WHAT IS EXPECTED: Each of the entries should be output exactly, with nothing left out.

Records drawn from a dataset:
################

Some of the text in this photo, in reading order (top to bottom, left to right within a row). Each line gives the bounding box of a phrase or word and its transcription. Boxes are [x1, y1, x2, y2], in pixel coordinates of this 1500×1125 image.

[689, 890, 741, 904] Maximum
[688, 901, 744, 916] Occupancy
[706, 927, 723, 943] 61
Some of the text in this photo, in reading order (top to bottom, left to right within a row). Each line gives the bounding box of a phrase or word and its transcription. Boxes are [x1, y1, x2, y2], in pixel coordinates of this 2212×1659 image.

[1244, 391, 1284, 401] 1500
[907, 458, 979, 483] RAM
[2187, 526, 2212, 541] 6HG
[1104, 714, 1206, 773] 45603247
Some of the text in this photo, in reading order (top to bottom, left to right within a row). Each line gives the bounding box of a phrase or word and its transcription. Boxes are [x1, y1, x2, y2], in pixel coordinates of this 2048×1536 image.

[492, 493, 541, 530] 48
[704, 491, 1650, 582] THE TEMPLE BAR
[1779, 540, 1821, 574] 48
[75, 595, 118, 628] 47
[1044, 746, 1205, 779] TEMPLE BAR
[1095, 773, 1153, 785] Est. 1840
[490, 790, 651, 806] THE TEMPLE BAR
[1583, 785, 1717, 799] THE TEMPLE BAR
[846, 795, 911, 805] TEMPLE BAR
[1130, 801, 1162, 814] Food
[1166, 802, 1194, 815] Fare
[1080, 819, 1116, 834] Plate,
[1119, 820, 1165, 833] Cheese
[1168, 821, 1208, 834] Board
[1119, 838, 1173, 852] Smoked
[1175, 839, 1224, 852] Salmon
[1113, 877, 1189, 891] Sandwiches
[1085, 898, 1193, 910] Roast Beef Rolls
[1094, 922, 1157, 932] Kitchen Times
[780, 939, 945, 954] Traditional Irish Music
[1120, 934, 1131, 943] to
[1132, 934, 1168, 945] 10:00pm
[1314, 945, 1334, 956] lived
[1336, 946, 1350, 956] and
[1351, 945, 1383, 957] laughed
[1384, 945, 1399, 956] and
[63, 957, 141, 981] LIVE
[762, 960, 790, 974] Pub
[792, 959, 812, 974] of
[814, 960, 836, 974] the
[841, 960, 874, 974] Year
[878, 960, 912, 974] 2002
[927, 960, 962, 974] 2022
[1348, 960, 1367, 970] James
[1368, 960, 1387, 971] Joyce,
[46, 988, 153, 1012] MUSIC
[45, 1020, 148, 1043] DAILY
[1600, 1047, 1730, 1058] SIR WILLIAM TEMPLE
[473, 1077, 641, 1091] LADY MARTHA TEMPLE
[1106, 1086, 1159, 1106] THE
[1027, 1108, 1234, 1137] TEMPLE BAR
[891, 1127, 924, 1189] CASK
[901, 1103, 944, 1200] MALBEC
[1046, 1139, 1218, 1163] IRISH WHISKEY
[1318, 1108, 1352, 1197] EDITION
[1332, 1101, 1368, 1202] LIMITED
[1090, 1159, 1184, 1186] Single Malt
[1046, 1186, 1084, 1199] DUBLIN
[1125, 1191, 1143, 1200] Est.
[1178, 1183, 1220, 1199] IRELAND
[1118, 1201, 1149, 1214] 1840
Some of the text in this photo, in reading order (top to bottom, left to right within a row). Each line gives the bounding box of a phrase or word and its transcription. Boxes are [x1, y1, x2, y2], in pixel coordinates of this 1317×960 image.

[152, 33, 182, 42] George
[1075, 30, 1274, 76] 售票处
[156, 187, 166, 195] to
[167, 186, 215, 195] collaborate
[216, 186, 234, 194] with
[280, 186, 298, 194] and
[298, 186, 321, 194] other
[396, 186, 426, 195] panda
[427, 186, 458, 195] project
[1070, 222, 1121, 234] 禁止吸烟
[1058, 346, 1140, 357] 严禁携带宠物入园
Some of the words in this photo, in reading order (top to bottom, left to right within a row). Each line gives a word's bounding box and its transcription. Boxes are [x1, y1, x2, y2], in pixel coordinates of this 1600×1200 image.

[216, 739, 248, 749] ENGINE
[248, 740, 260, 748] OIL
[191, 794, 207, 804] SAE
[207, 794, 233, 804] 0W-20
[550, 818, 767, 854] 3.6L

################

RESPONSE AREA:
Some of the text in this photo, in reading order (top to bottom, left to right within a row). Each line gives the bounding box of a phrase or word and its transcription. Boxes are [x1, y1, x2, y2], in pixel coordinates of this 1500×1125 image.

[689, 890, 741, 904] Maximum
[688, 901, 744, 916] Occupancy
[706, 927, 723, 943] 61
Some of the text in this photo, in reading order (top to bottom, left to right within a row). Each line gives the bounding box of a phrase or word and its transcription. Boxes are [x1, y1, x2, y2], in pixel coordinates of this 2212×1659 image.

[1244, 391, 1284, 401] 1500
[907, 458, 979, 483] RAM
[2187, 526, 2212, 541] 6HG
[1104, 714, 1206, 773] 45603247
Some of the text in this photo, in reading order (top to bottom, left to right within a row). Each line gives the bounding box of a phrase or word and its transcription. Boxes are [x1, y1, x2, y2], in pixel coordinates of this 2048×1536 image.

[492, 493, 541, 530] 48
[704, 491, 1650, 582] THE TEMPLE BAR
[1779, 540, 1821, 574] 48
[75, 595, 118, 628] 47
[1044, 746, 1205, 779] TEMPLE BAR
[1095, 773, 1153, 785] Est. 1840
[490, 790, 651, 806] THE TEMPLE BAR
[1583, 785, 1717, 799] THE TEMPLE BAR
[846, 795, 911, 805] TEMPLE BAR
[1130, 801, 1162, 814] Food
[1166, 802, 1194, 815] Fare
[1080, 819, 1116, 834] Plate,
[1119, 820, 1165, 833] Cheese
[1168, 821, 1208, 834] Board
[1119, 838, 1173, 852] Smoked
[1175, 839, 1224, 852] Salmon
[1113, 877, 1189, 891] Sandwiches
[1085, 898, 1193, 910] Roast Beef Rolls
[1094, 922, 1157, 932] Kitchen Times
[780, 939, 945, 954] Traditional Irish Music
[1120, 934, 1131, 943] to
[1132, 934, 1168, 945] 10:00pm
[1314, 945, 1334, 956] lived
[1336, 946, 1350, 956] and
[1351, 945, 1383, 957] laughed
[1384, 945, 1399, 956] and
[63, 957, 141, 981] LIVE
[762, 960, 790, 974] Pub
[792, 959, 812, 974] of
[814, 960, 836, 974] the
[841, 960, 874, 974] Year
[878, 960, 912, 974] 2002
[927, 960, 962, 974] 2022
[1348, 960, 1367, 970] James
[1368, 960, 1387, 971] Joyce,
[46, 988, 153, 1012] MUSIC
[45, 1020, 148, 1043] DAILY
[1600, 1047, 1730, 1058] SIR WILLIAM TEMPLE
[473, 1077, 641, 1091] LADY MARTHA TEMPLE
[1106, 1086, 1159, 1106] THE
[1027, 1108, 1234, 1137] TEMPLE BAR
[891, 1127, 924, 1189] CASK
[901, 1103, 944, 1200] MALBEC
[1046, 1139, 1218, 1163] IRISH WHISKEY
[1318, 1108, 1352, 1197] EDITION
[1332, 1101, 1368, 1202] LIMITED
[1090, 1159, 1184, 1186] Single Malt
[1046, 1186, 1084, 1199] DUBLIN
[1125, 1191, 1143, 1200] Est.
[1178, 1183, 1220, 1199] IRELAND
[1118, 1201, 1149, 1214] 1840
Some of the text in this photo, in reading order (top to bottom, left to right within a row). Each line gives the bounding box of a phrase or word and its transcription. Boxes are [x1, y1, x2, y2], in pixel coordinates of this 1317×960 image.

[152, 33, 182, 42] George
[1075, 30, 1274, 76] 售票处
[156, 187, 166, 195] to
[167, 186, 215, 195] collaborate
[216, 186, 234, 194] with
[280, 186, 298, 194] and
[298, 186, 321, 194] other
[396, 186, 426, 195] panda
[427, 186, 458, 195] project
[1070, 222, 1121, 234] 禁止吸烟
[1058, 346, 1140, 357] 严禁携带宠物入园
Some of the words in this photo, in reading order (top to bottom, left to right within a row). Each line gives a word's bounding box and its transcription. Boxes are [x1, y1, x2, y2], in pixel coordinates of this 1600×1200 image.

[216, 739, 248, 749] ENGINE
[248, 740, 260, 748] OIL
[191, 794, 207, 804] SAE
[207, 794, 233, 804] 0W-20
[550, 818, 767, 854] 3.6L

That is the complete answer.